ABOUT THIS EXERCISE
The records below must be output exactly, without pictures.

[Images for object localization]
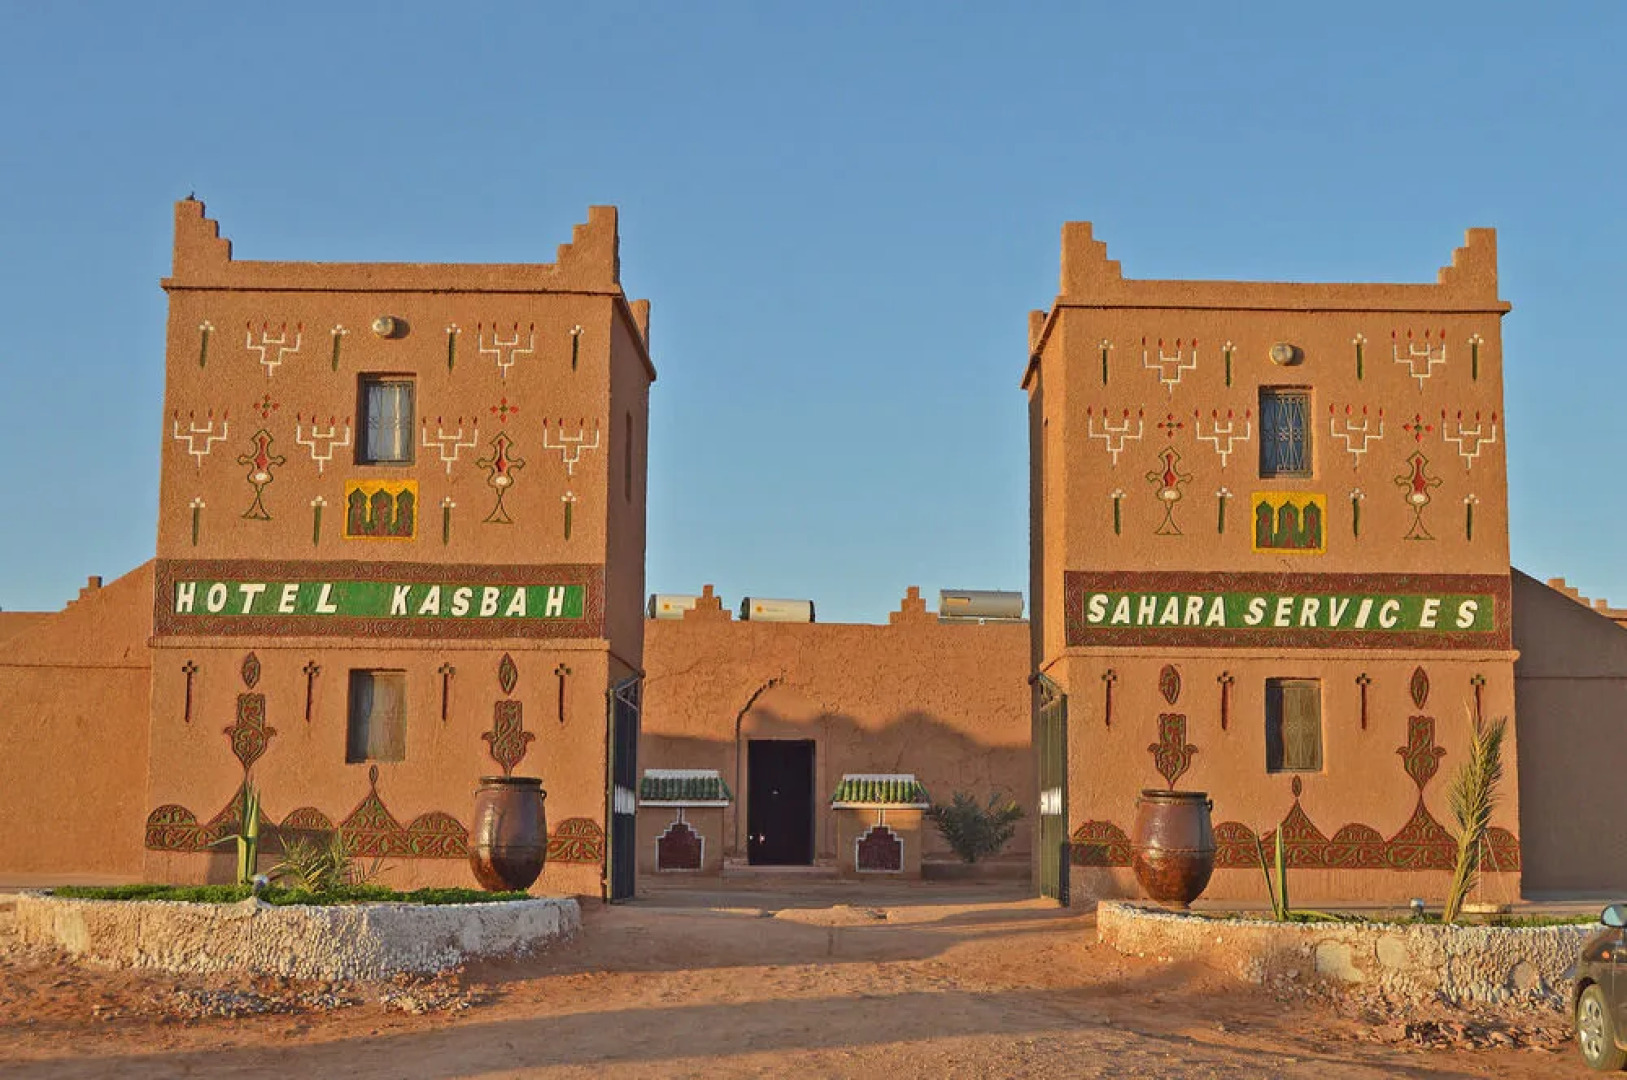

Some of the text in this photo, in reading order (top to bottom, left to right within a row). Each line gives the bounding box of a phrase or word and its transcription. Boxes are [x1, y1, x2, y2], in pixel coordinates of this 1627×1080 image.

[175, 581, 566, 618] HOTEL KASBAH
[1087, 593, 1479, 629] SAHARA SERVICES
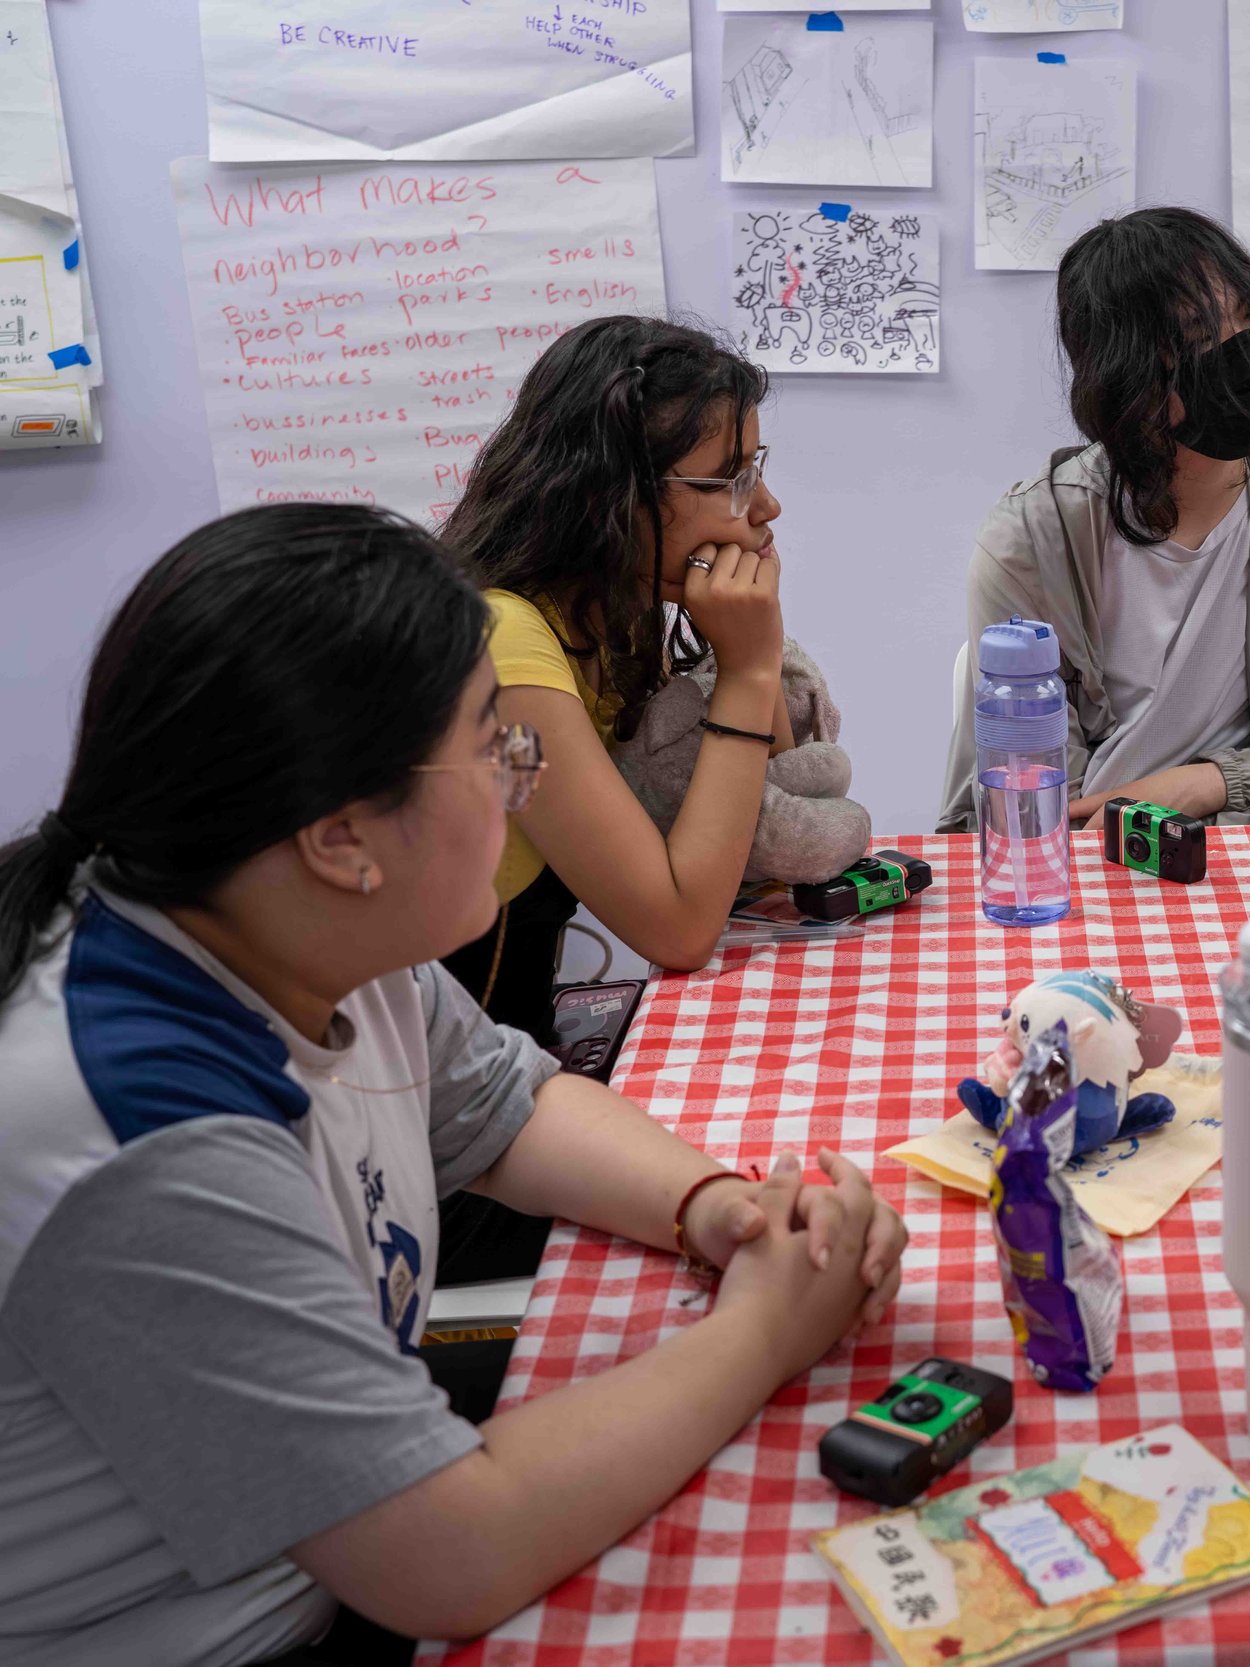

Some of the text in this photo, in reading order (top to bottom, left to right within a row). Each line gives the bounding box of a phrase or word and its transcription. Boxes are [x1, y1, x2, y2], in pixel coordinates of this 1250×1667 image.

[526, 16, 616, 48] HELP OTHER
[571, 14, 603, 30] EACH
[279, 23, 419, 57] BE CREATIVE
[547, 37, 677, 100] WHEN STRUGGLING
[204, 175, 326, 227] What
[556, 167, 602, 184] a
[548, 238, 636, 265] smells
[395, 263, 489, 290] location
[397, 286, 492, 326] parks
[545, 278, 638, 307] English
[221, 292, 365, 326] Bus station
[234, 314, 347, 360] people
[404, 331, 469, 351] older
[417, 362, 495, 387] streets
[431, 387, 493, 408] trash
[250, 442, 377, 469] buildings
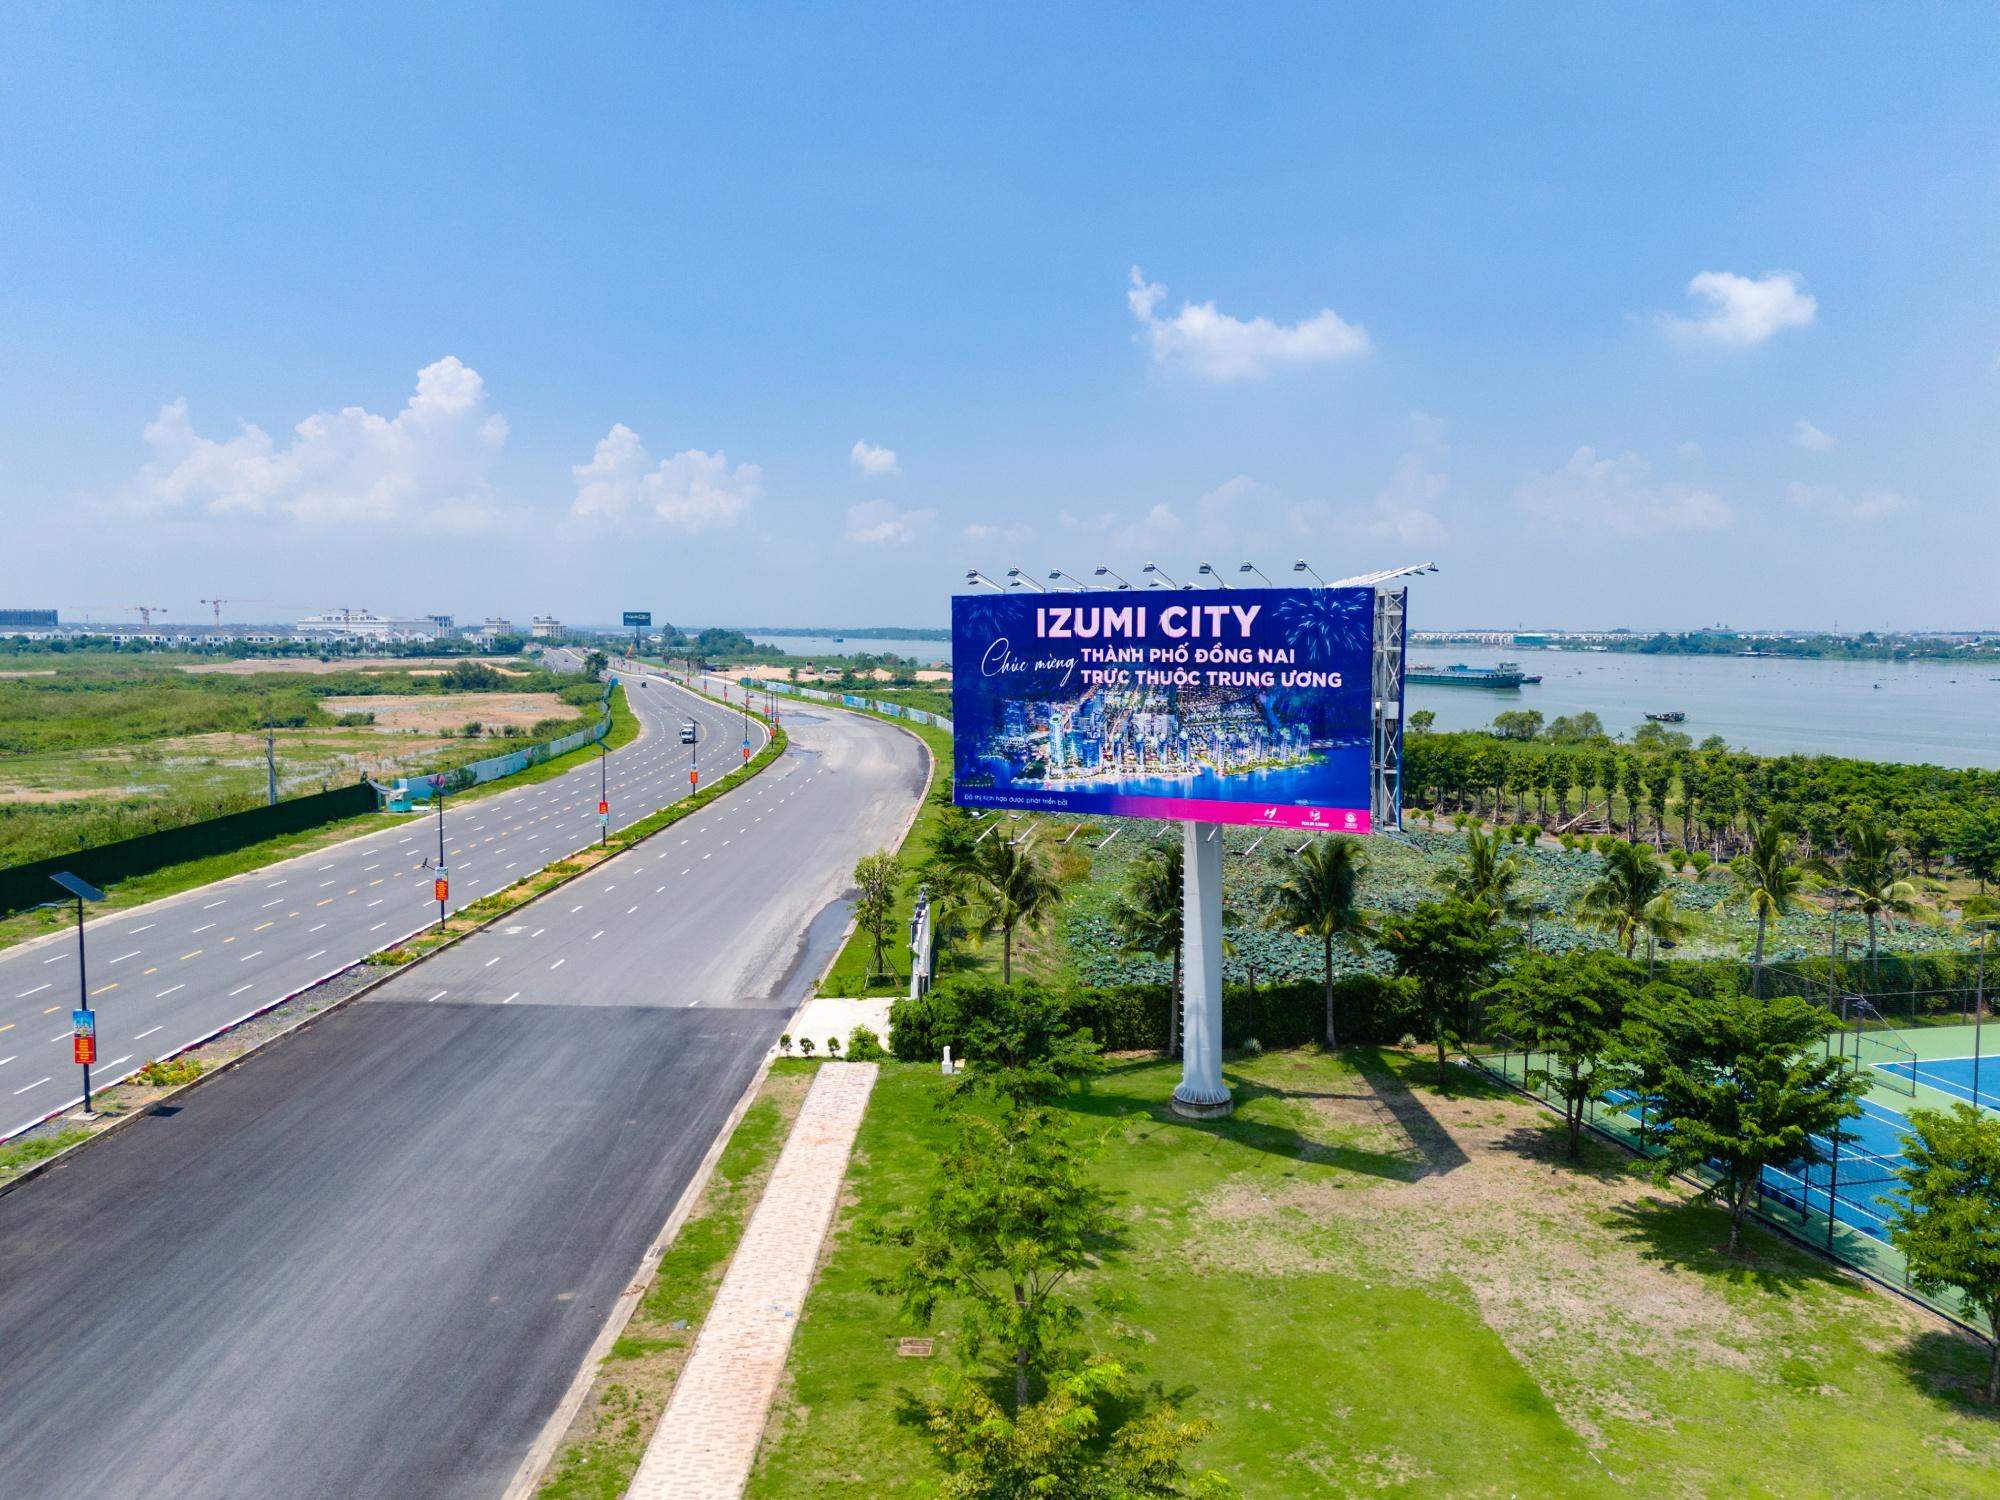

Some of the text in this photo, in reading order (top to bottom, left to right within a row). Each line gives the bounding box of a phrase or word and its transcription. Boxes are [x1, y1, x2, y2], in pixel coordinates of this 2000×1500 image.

RESPONSE TO THE EXERCISE
Some of the text in this photo, in reading order (top to bottom, left to right within a row). Each line gives the bounding box of a phrase or word and its transcription. Boxes are [x1, y1, x2, y2], in pixel coordinates of this 1627×1080 image.

[175, 581, 566, 618] HOTEL KASBAH
[1087, 593, 1479, 629] SAHARA SERVICES

Some of the text in this photo, in reading order (top to bottom, left to right within a row). Each line gives the bounding box of a phrase or word and its transcription. Boxes are [x1, y1, x2, y2], in pixel coordinates of this 1250×1667 image.

[526, 16, 616, 48] HELP OTHER
[571, 14, 603, 30] EACH
[279, 23, 419, 57] BE CREATIVE
[547, 37, 677, 100] WHEN STRUGGLING
[204, 175, 326, 227] What
[556, 167, 602, 184] a
[548, 238, 636, 265] smells
[395, 263, 489, 290] location
[397, 286, 492, 326] parks
[545, 278, 638, 307] English
[221, 292, 365, 326] Bus station
[234, 314, 347, 360] people
[404, 331, 469, 351] older
[417, 362, 495, 387] streets
[431, 387, 493, 408] trash
[250, 442, 377, 469] buildings

Some of the text in this photo, in reading order (top to bottom, left to right within a row). Each line gives the bounding box of a phrase or word and its transcription. Boxes are [x1, y1, x2, y2], in pixel coordinates of this 2000×1500 image.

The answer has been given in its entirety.